Terry's on Hawthorne road or The Zion just by Goodison, pretty hardcore bodybuilding type gyms.

Sorry, just realised you wanted a woman friendly gym. Avoid the above lol - I'll have a re-think!

Is Switch Island Ben Dunne gym too far for you?


----------



## bobbydrake

Wouldn't you go to Den Dunne on Edge Lane? Really good gym (although I go at 6am as quite busy of a night). Plenty of weights etc (I find it much better than DW). Really cheap too - I think its £120 for a year at the moment.


----------



## emjsinful87

Boxerjay - right near the zion lol. I don't mind being in a gym full of blokes as long as they're there to train and not do what the lads at my gym do...fix there joey essex hair do in the mirrors and chat women up (all i wanna do is grow wings yet they hog machines to sit texting!!!)

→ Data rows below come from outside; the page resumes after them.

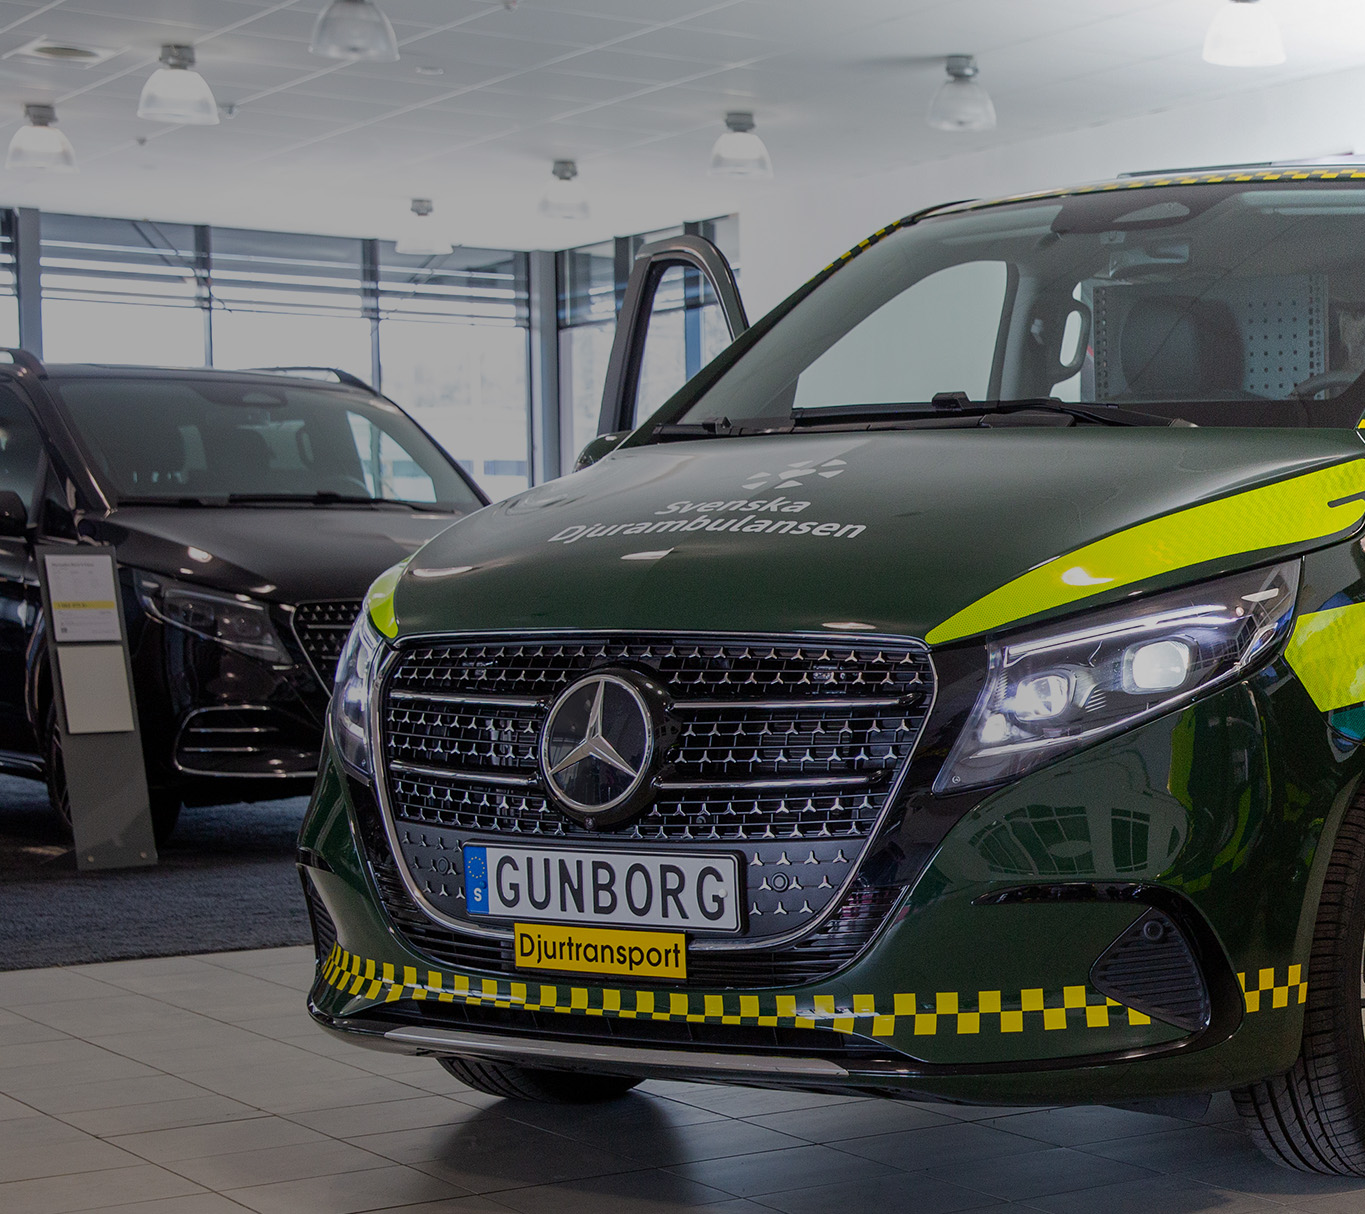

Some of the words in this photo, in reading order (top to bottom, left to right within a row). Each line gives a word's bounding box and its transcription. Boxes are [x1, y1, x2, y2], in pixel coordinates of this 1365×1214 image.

[654, 496, 812, 516] Svenska
[548, 514, 867, 544] Djurambulansen
[473, 887, 483, 902] S
[496, 855, 726, 921] GUNBORG
[519, 933, 681, 971] Djurtransport

edge lane is other end of town to me, switch island sounds ideal


----------



## BoxerJay

emjsinful87 said:


> Boxerjay - right near the zion lol. I don't mind being in a gym full of blokes as long as they're there to train and not do what the lads at my gym do...fix there joey essex hair do in the mirrors and chat women up (all i wanna do is grow wings yet they hog machines to sit texting!!!)
> 
> edge lane is other end of town to me, switch island sounds ideal


I asked my friend who trains there a lot more than me if there are any woman in there, his reply was "Not really, just one big grock of a woman who smashes f*ck out of the bags" - Which gave me a laugh haha

I only use it once a week when I'm not at my usual gym on Queens Drive. But yeah, people are there to train and it's usually very quiet of a morning, £3 to train as much as you like. No Joey Essex types, they'd be too scared to enter such a place!


----------



## emjsinful87

Haha thats really made me chuckle!!! I'll go take a gander thanks


----------



## barsnack

emjsinful87 said:


> Just been online looking at the gym group. Seems like an alright gym...i can hijack my mates gym on hornby blvd for a while but it's not very female friendly :/ i would give gym 21 a go but it's a fair price and until i'm at competitive level it's not a gym i would fancy getting laughed out of lol!!!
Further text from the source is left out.